In the September 1 Wall Street Journal, center-left columnist Thomas Franks sets up some straw-man caricatures of “the right’s” arguments against a federal government takeover of the health care market. One of them is this:
Consider the assertion, repeated often in different forms, that health insurance is a form of property, a matter of pure personal responsibility. Those who have insurance, the argument goes, have it because they’ve played by the rules. Sure, insurance is expensive, but being prudent people, they recognized that they needed it, and so they worked hard, chose good employers, and got insurance privately, the way you’re supposed to.
Those who don’t have what they need, on the other hand, should have thought of that before they chose a toxic life of fast food and fast morals.
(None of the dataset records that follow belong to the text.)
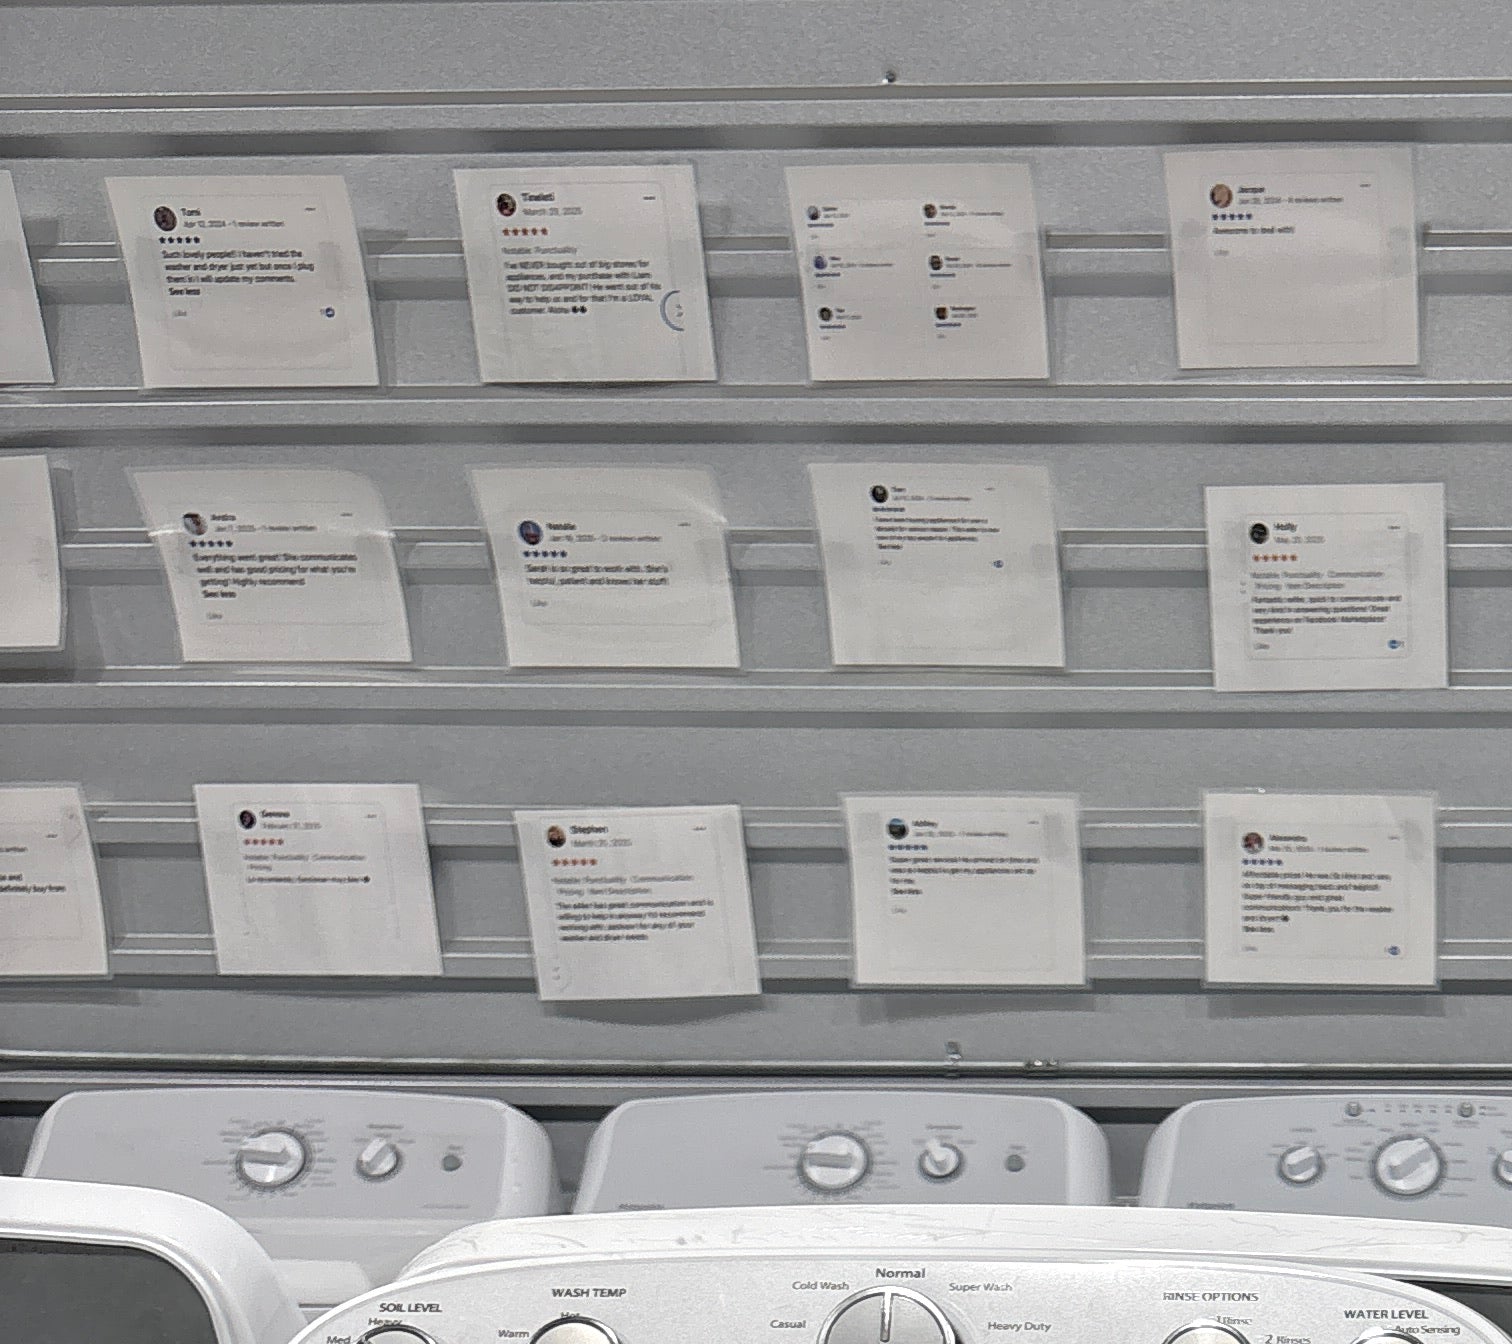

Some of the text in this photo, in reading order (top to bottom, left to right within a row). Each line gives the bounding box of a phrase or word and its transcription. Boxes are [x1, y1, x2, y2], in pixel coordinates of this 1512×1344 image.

[876, 1268, 925, 1278] Normal
[792, 1281, 849, 1290] Cold Wash
[949, 1283, 980, 1293] Super
[552, 1288, 626, 1297] WASH TEMP
[1163, 1292, 1259, 1301] RINSE OPTIONS
[379, 1303, 442, 1312] SOIL LEVEL
[1344, 1310, 1428, 1319] WATER LEVEL
[770, 1320, 806, 1328] Casual
[988, 1322, 1051, 1332] Heavy Duty
[498, 1329, 529, 1338] Warm
[1395, 1325, 1460, 1336] Auto Sensing
[327, 1336, 351, 1344] Med
[1265, 1335, 1311, 1344] 2 Rinses
Healthiness is, in this sense, how the market tests your compliance with its rules, and the idea of having to bail out those who failed the test—why, the suggestion itself is offensive.
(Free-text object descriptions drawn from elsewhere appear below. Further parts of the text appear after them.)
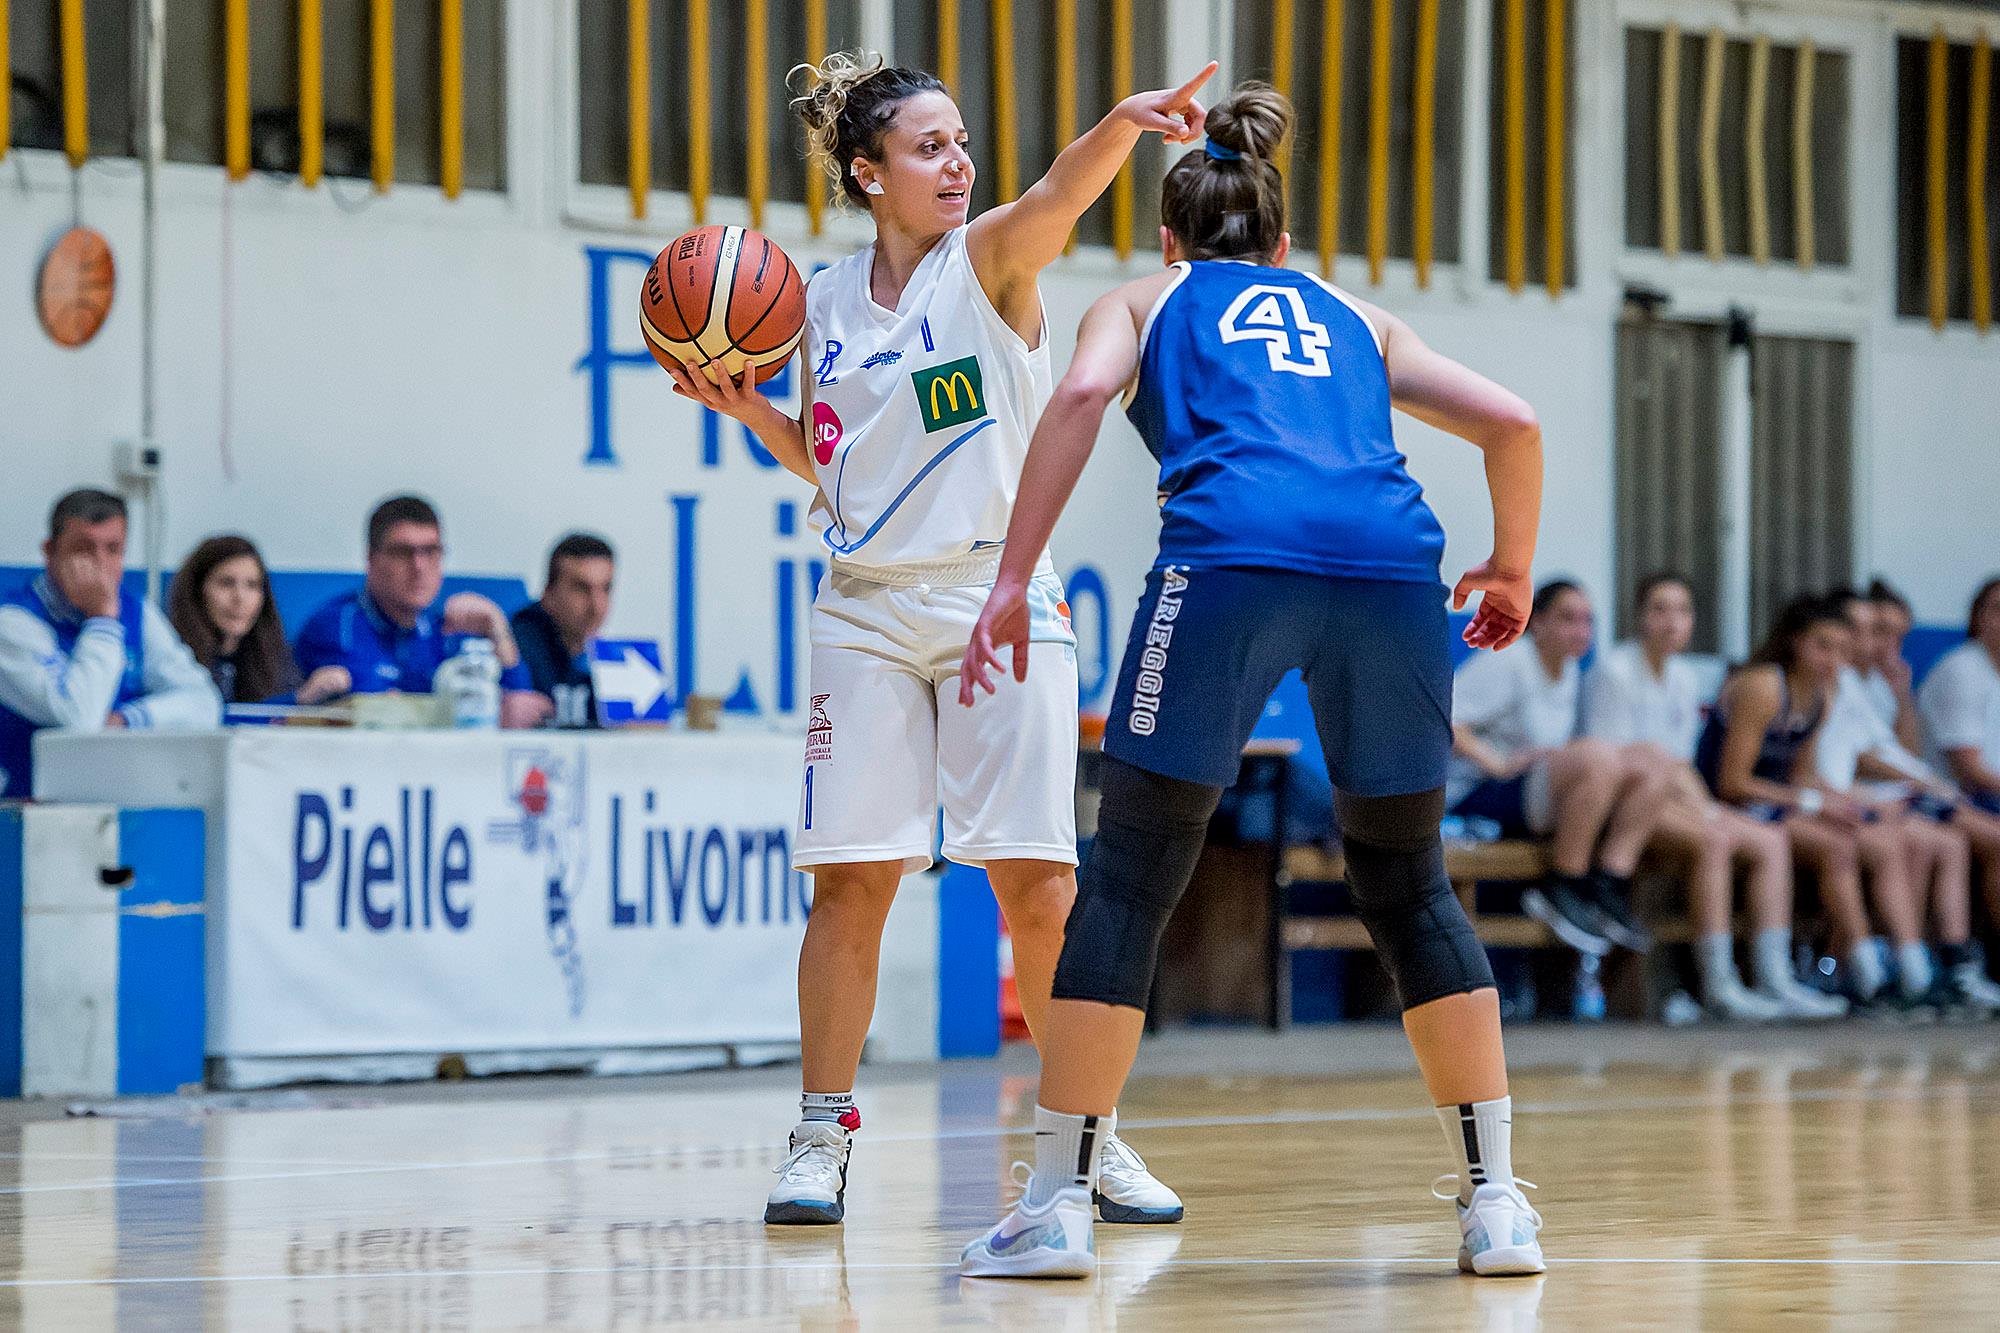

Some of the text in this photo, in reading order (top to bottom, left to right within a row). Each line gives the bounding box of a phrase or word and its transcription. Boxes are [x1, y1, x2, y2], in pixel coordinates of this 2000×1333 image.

[678, 234, 698, 261] FIBA
[725, 235, 736, 259] GM6X
[1217, 283, 1332, 377] 4
[1129, 565, 1190, 736] AREGGIO
[805, 765, 813, 829] 1
[290, 785, 472, 933] Pielle
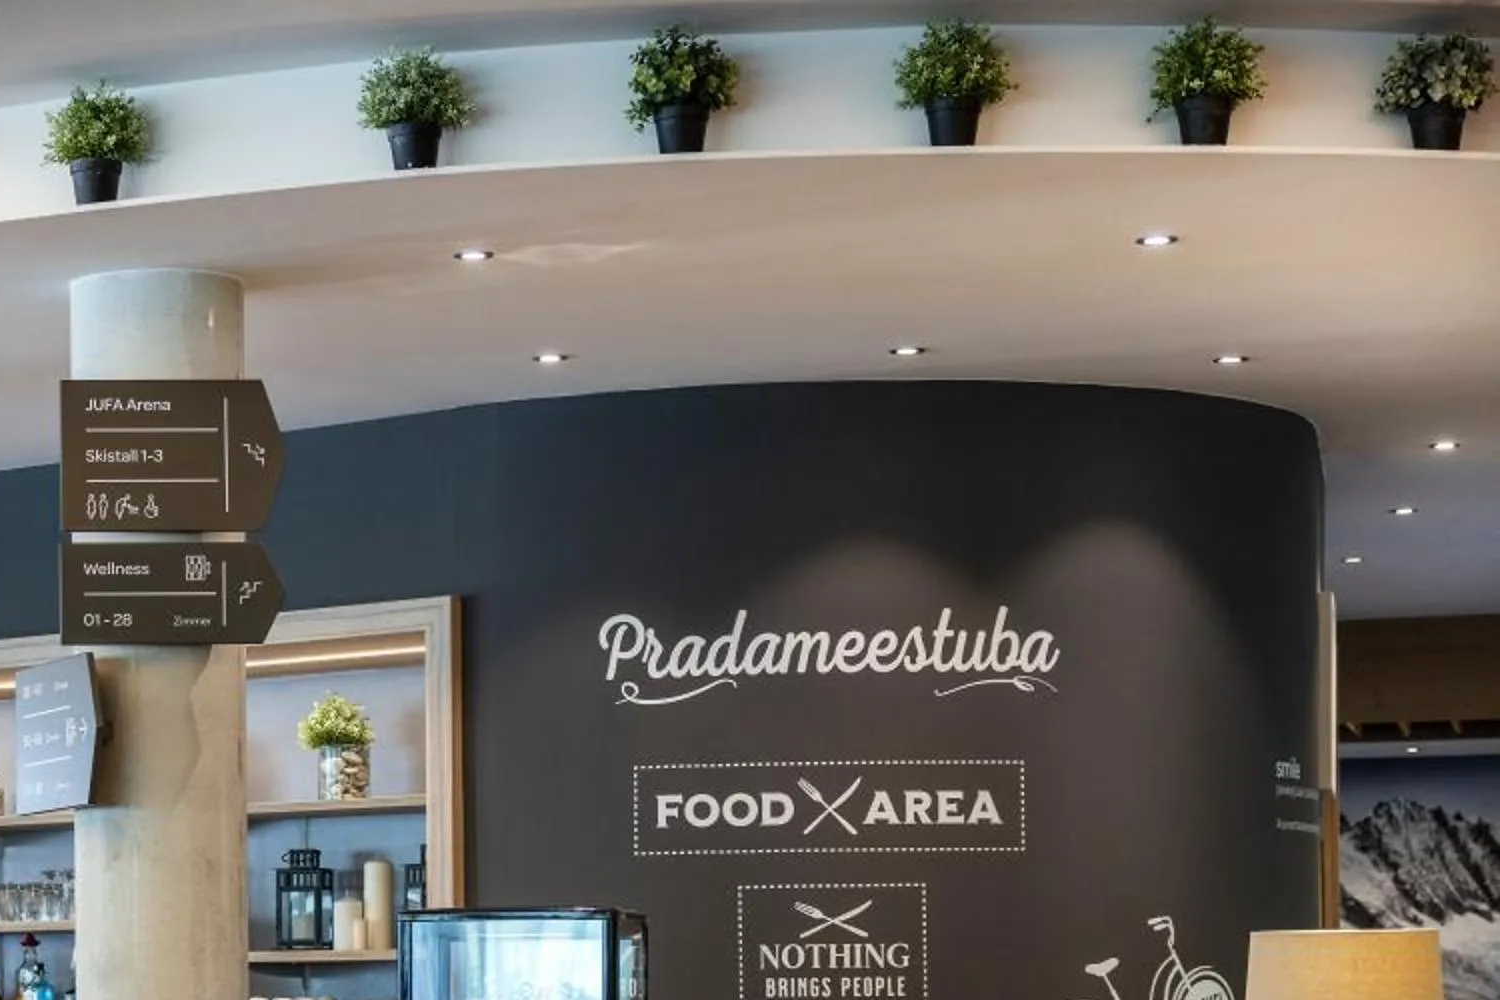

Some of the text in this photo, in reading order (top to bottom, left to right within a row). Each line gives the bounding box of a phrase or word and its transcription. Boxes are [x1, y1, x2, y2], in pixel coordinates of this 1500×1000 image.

[85, 397, 171, 412] JUFA Arena
[85, 449, 163, 463] Skistall 1-3
[83, 561, 149, 576] Wellness
[113, 613, 133, 627] 28
[599, 606, 1060, 682] Pradameestuba
[656, 790, 1003, 828] FOOD AREA
[759, 943, 911, 970] NOTHING
[765, 976, 907, 998] BRINGS PEOPLE
I suppose some on the right have made that particular argument, but I’ve only seen it offered so explicitly in just one place – a piece by Detroit Free Press columnist Brian Dickerson, another center-left voice, who referred to the impositions on society of a “Cheetos-scarfing, beer-swilling coach potato”:
Strolling along the route of the Woodward Dream Cruise this month, my friend Aaron noticed a trio of well-fed spectators wedged into identical lawn chairs on the public right of way. None of the middle-aged men in this comical triptych wore a shirt. Each held a beer in one hand and a cigarette in the other, and all three sported pendulous bellies that spilled over his beltline and glistened in the midday sun.
“There,” Aaron observed ruefully, “are the guys whose health care we’re about to be on the hook for.”
If you’ve pegged my friend as a staunch opponent of President Barack Obama’s health-care initiative, you’re mistaken . . .
... My own conviction is that everyone ought to enjoy access to some minimum level of preventive and acute care, but that reimbursement for the cost of treating many chronic health problems should depend, at least to some extent, on what steps the patient has taken to avoid them. Just as people who commit felonies forfeit their right to vote, those who make no effort to limit their own risk factors diminish their moral claim on medical treatment.
Perhaps I can resolve the apparent contradiction: “Righties” (at least the fit ones) may not want to be forced by the government to subsidize the bad habits of others, but (perhaps grudgingly) do so when choosing to pay for their own insurance. For their part, some “lefties” wouldn’t mind giving the government new powers to force those “Cheetos-scarfing couch potatoes” to shape up.